SN 1993J is a supernova observed in the galaxy M81. It was discovered on 28 March 1993 by F. Garcia in Spain. At the time, it was the second-brightest type II supernova observed in the twentieth century behind SN 1987A,
peaking at a visible apparent magnitude of 10.7 on March 30th, with a second peak of 10.86 on April 18th.

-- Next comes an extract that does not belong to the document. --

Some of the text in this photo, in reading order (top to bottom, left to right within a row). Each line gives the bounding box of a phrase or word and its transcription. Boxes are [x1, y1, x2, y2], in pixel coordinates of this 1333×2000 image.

The spectral characteristics of the supernova changed over time. Initially, it looked more like a type II supernova (a supernova formed by the explosion of a giant star) with strong hydrogen spectral line emission, but later the hydrogen lines faded and strong helium spectral lines appeared, making the supernova look more like a type Ib. Moreover, the variations in SN 1993J's luminosity over time were not like the variations observed in other type II supernovae but did resemble the variations observed in type Ib supernovae. Hence, the supernova has been classified as a type IIb supernova, an intermediate class between type II and type Ib. The scientific results from this supernova suggested that type Ib and Ic supernovae were actually formed through the explosions of giant stars through processes similar to what takes place in type II supernovae. The supernova was also used to estimate a distance of 8.5 ± 1.3 Mly (2.6 ± 0.4 Mpc) to Messier 81.

Light echoes from the explosion have subsequently been detected.

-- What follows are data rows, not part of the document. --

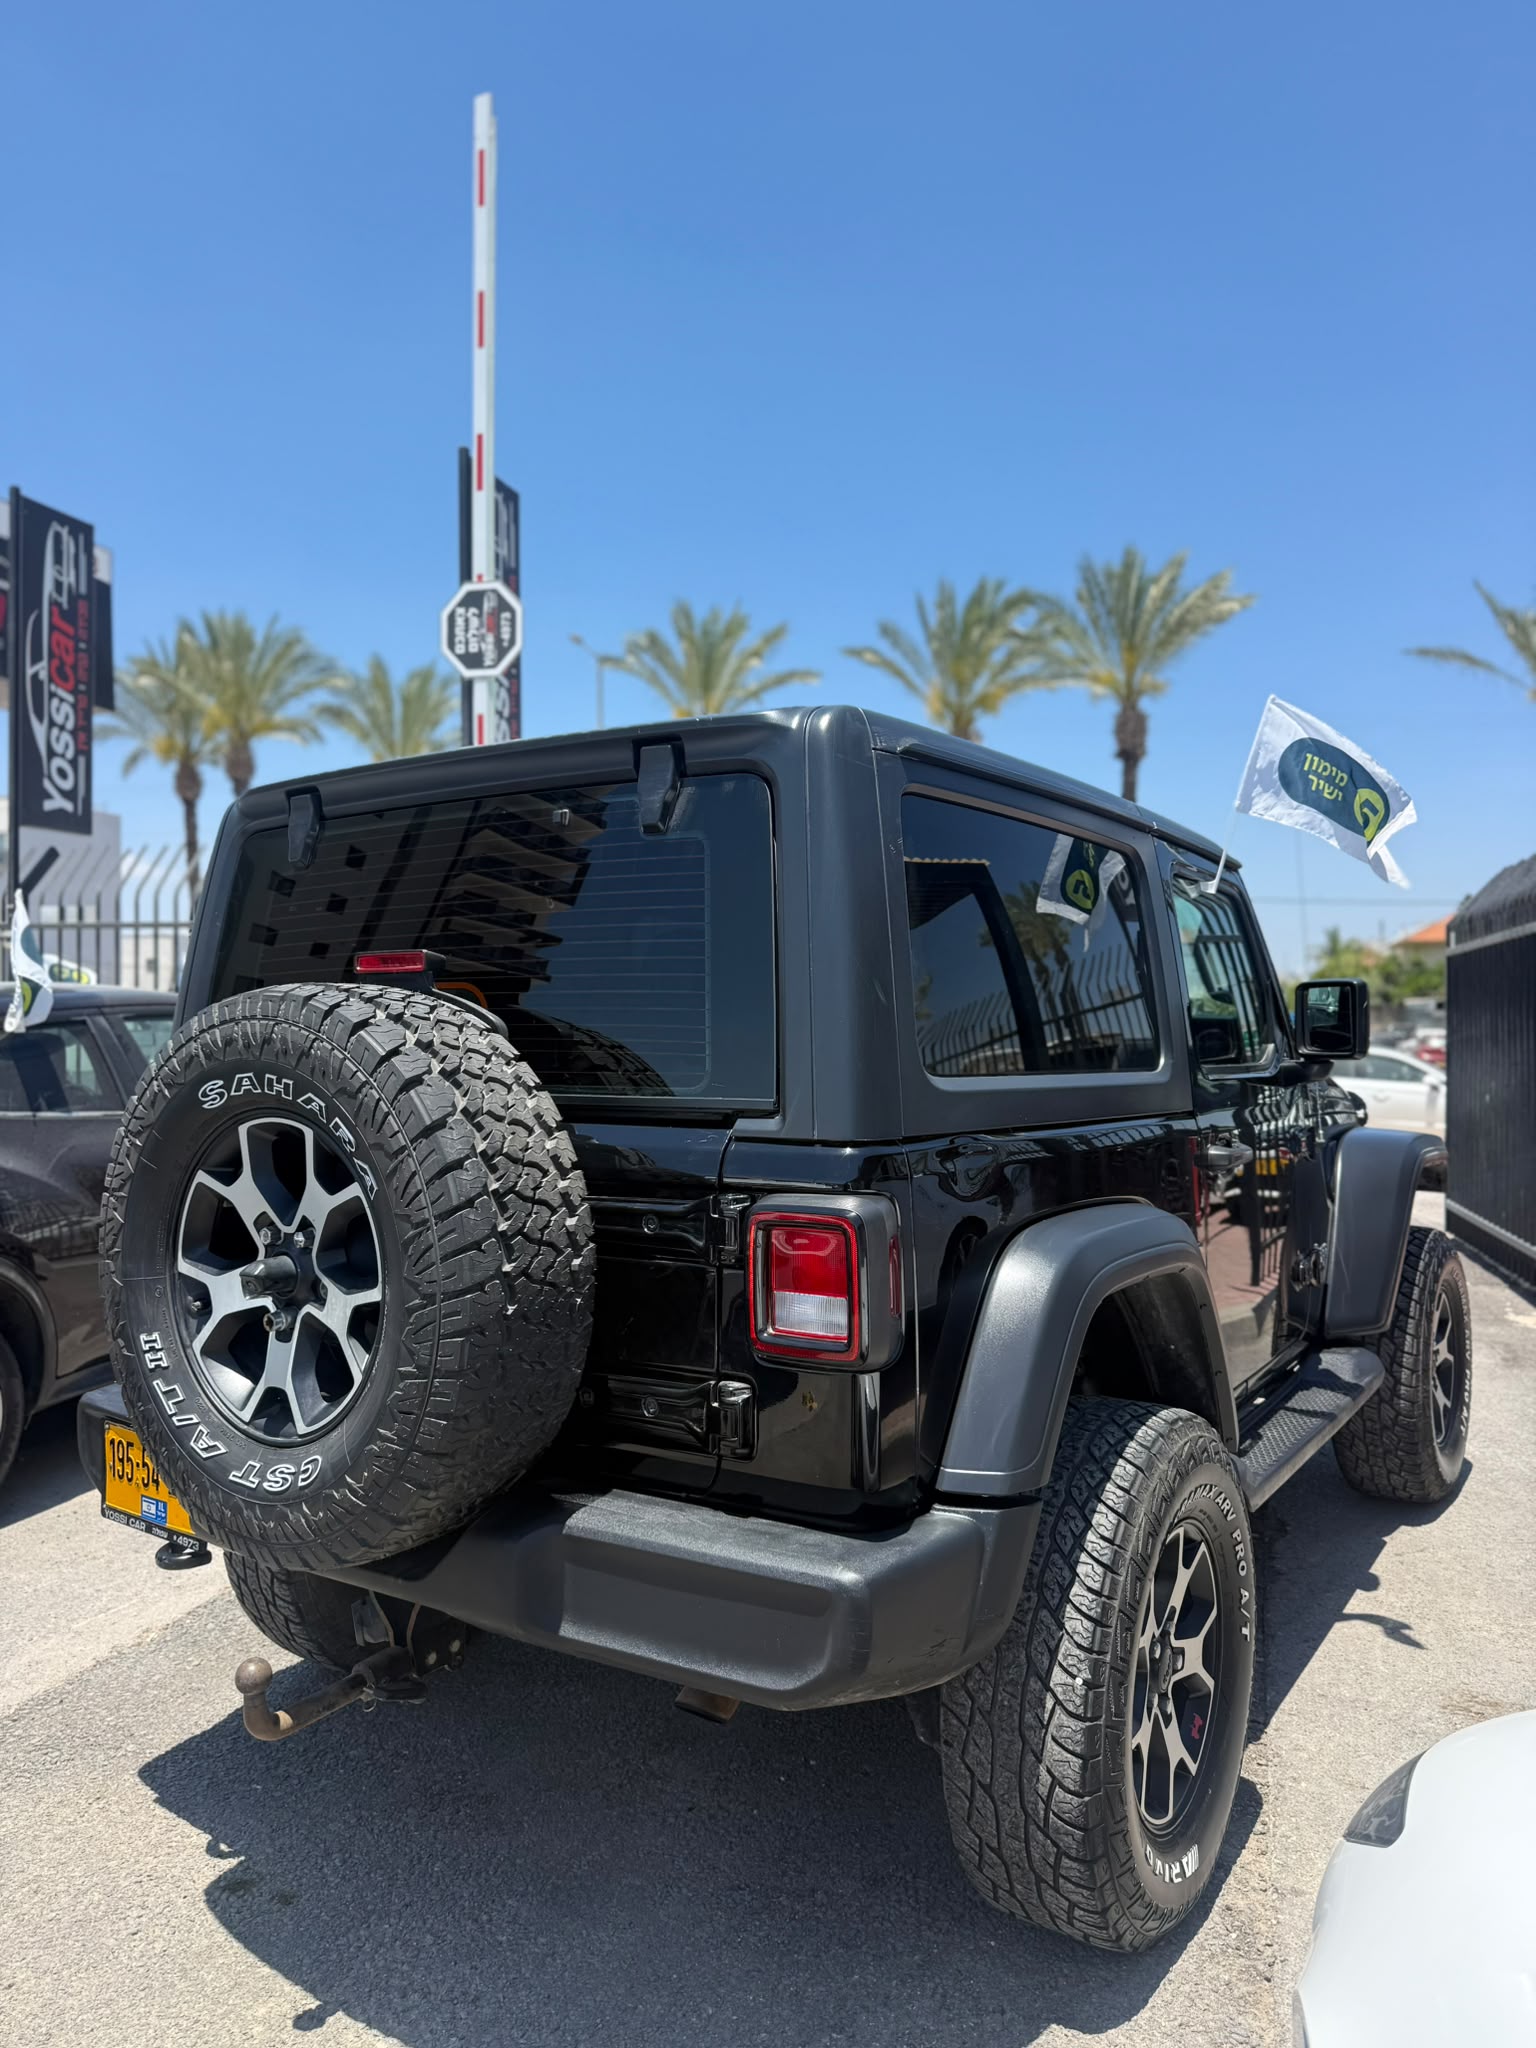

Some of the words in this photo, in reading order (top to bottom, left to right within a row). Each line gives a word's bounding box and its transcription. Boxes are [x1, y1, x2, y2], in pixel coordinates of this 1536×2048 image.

[1303, 753, 1348, 787] מימון
[1308, 774, 1343, 801] ישיר
[198, 1071, 376, 1201] SAHARA
[229, 1455, 323, 1494] CST
[104, 1508, 128, 1523] YOSSI
[129, 1518, 146, 1532] CAR
[1215, 1492, 1236, 1521] ARV
[1232, 1528, 1247, 1577] PRO
[1240, 1588, 1250, 1642] A/T

The progenitor of SN 1993J was identified in pre-explosion ground-based images. The progenitor was observed to be a K-type supergiant star, with an excess in the ultraviolet possibly due to surrounding hot stars or a hot binary companion. While the supernova is located in a region populated by young massive stars, late-time photometry with the Hubble Space Telescope and spectroscopy with the Keck 10m-telescope presented by Maund and collaborators revealed the presence of the long-suspected B-supergiant companion star.

References

External links
 Video of artist's impression of the SN 1993J binary progenitor system
 Light curves and spectra  on the Open Supernova Catalog

Supernovae
19930328
Ursa Major (constellation)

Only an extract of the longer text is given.